Roland estaba callado, viendo la pantalla del ordenador, que estaba sobre la mesa de la cocina. Se había bajado las gafas sobre la nariz. Después de un rato agarró la pantalla y la giró un poco a la vez que se inclinaba hacia adelante.
—O sea, que se supone que esto es un troll…
—No sabemos —dije yo—. Pero podría serlo, ¿a que sí?
Roland soltó una risita.
—¿Podría serlo? Sí. Tal vez.
Estiró el cuello y exclamó hacia el salón:
—¿Has enseñado la foto a la policía?
—Yo no —contestó Susso—. Pero Edit sí que lo ha hecho, creo. Al menos dijo que lo haría. Les iba a decir que estaba en la página web.
—Podría serlo —dijo Roland sonriendo para sí—. En fin, Gudrun…

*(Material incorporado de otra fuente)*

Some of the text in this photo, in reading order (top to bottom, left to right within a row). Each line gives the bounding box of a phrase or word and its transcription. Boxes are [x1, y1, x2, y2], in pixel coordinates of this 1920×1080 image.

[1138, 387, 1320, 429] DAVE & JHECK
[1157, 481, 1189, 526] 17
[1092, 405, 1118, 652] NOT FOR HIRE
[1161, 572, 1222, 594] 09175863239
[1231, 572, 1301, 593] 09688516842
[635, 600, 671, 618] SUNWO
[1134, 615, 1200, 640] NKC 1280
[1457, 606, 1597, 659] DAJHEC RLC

Yo ya sabía que conocía la página web de Susso, porque habíamos hablado de ella, pero nunca había mostrado ningún interés por conocerla. Había asentido con la cabeza con una mueca tensa en la cara cuando se lo conté. Como si quisiera dejar claro que no tenía ninguna intención de reírse.

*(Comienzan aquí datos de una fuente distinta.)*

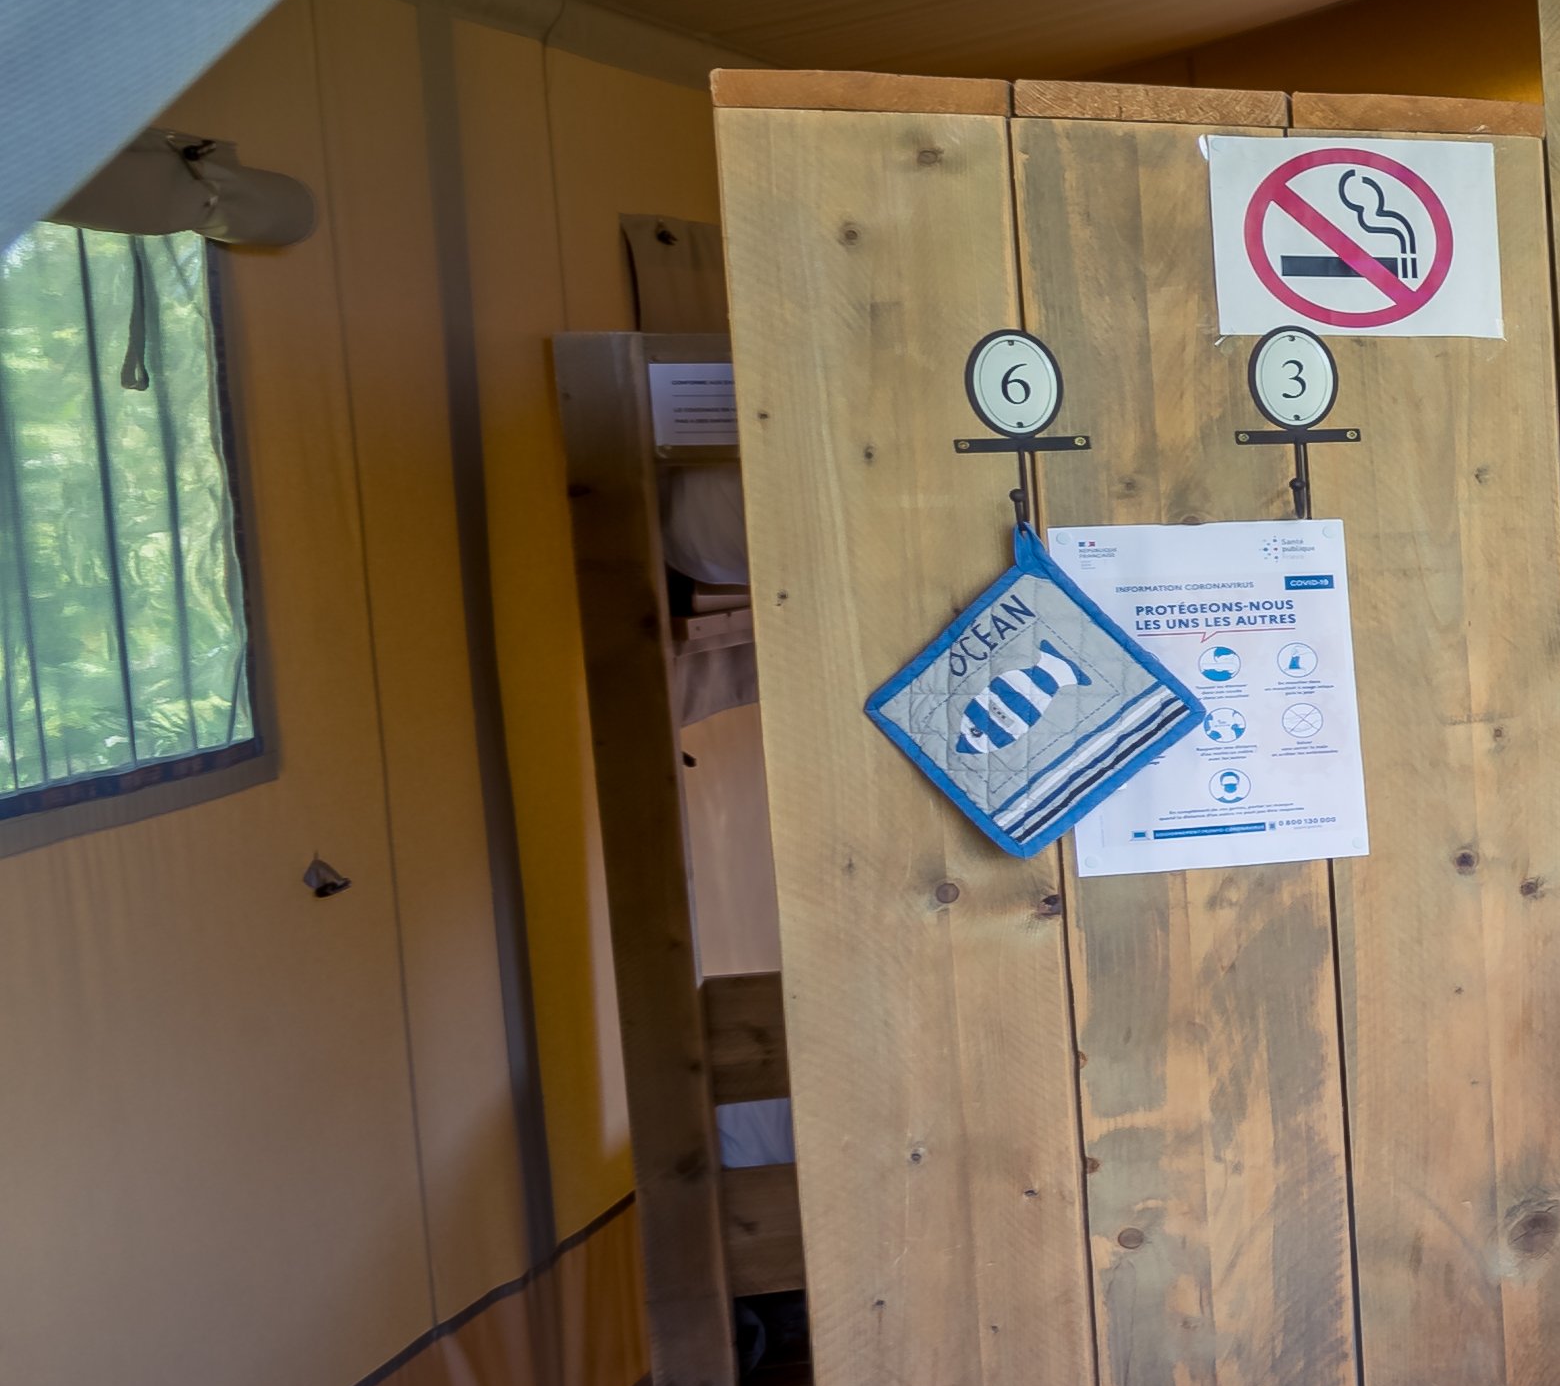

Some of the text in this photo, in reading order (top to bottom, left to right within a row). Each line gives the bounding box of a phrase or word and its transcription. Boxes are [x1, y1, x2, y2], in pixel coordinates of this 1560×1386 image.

Después de un rato movió el cursor hasta la barra de direcciones e introdujo la dirección del Norrländska Socialdemokraten. Luego estuvo leyendo con los ojos entrecerrados.
—¿Pone algo más? —dije.
—Veremos —dijo—. No, parece que dicen lo mismo.

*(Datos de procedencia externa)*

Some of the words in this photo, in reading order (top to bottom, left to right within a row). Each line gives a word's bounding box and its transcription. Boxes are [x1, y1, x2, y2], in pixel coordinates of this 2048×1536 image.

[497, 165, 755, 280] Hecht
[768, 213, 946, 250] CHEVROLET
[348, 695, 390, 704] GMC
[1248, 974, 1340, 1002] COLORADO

Fui a donde estaba Susso. Estaba medio tumbada en la butaca con la mano descansando sobre el pecho, escribiendo algo en el móvil. El jersey se le había subido y mostraba un michelín, con el ombligo en el medio. Fuera nevaba y me puse a contemplarlo. Más que nada porque no sabía qué decir.
—¿Lo viste alguna vez? —le dije al final.
No contestó, así que me di la vuelta.
—Susso. ¿Conociste al niño?
Negó con la cabeza. Estaba tecleando con los dos pulgares.
—Sus padres —dije—. ¿Viven juntos?
—Sí —dijo ella—. Ya te lo he dicho.
—Porque normalmente suelen ser los padres los que se llevan a los niños si hay un conflicto de custodia de por medio. También puede ser otro pariente.
—Ya, pero resulta que no.
Había dejado de escribir y me estaba mirando fijamente.
—Alguien lo ha secuestrado. ¿Lo pillas?
—Aparecerá, ya lo verás —dije—. No se puede robar a un niño así como así.
Yo estaba con los brazos cruzados. Era como si quisiera decidir que no se podía robar a los niños. Que era imposible, ni más ni menos.
—Sí que se puede —dijo Susso—. Evidentemente. La policía está segura de que alguien se lo ha llevado.
Era estúpido por mi parte tratar de consolarla con mentiras. Tenía razón. La irritación de su voz me incomodó y me senté en el sofá con las rodillas juntas y las manos cerradas alrededor de ellas. Tenía los dedos un poco hinchados. Siempre me pasa después de estar en la sauna.
—¿A quién escribes? —le dije.
—A papá.
Tiré un poco del forro de la manga de la bata de seda y asentí. Susso suspiró hondo, el pecho se le hinchó.
—Iba a subir estas Navidades. Pero ahora, no lo sé.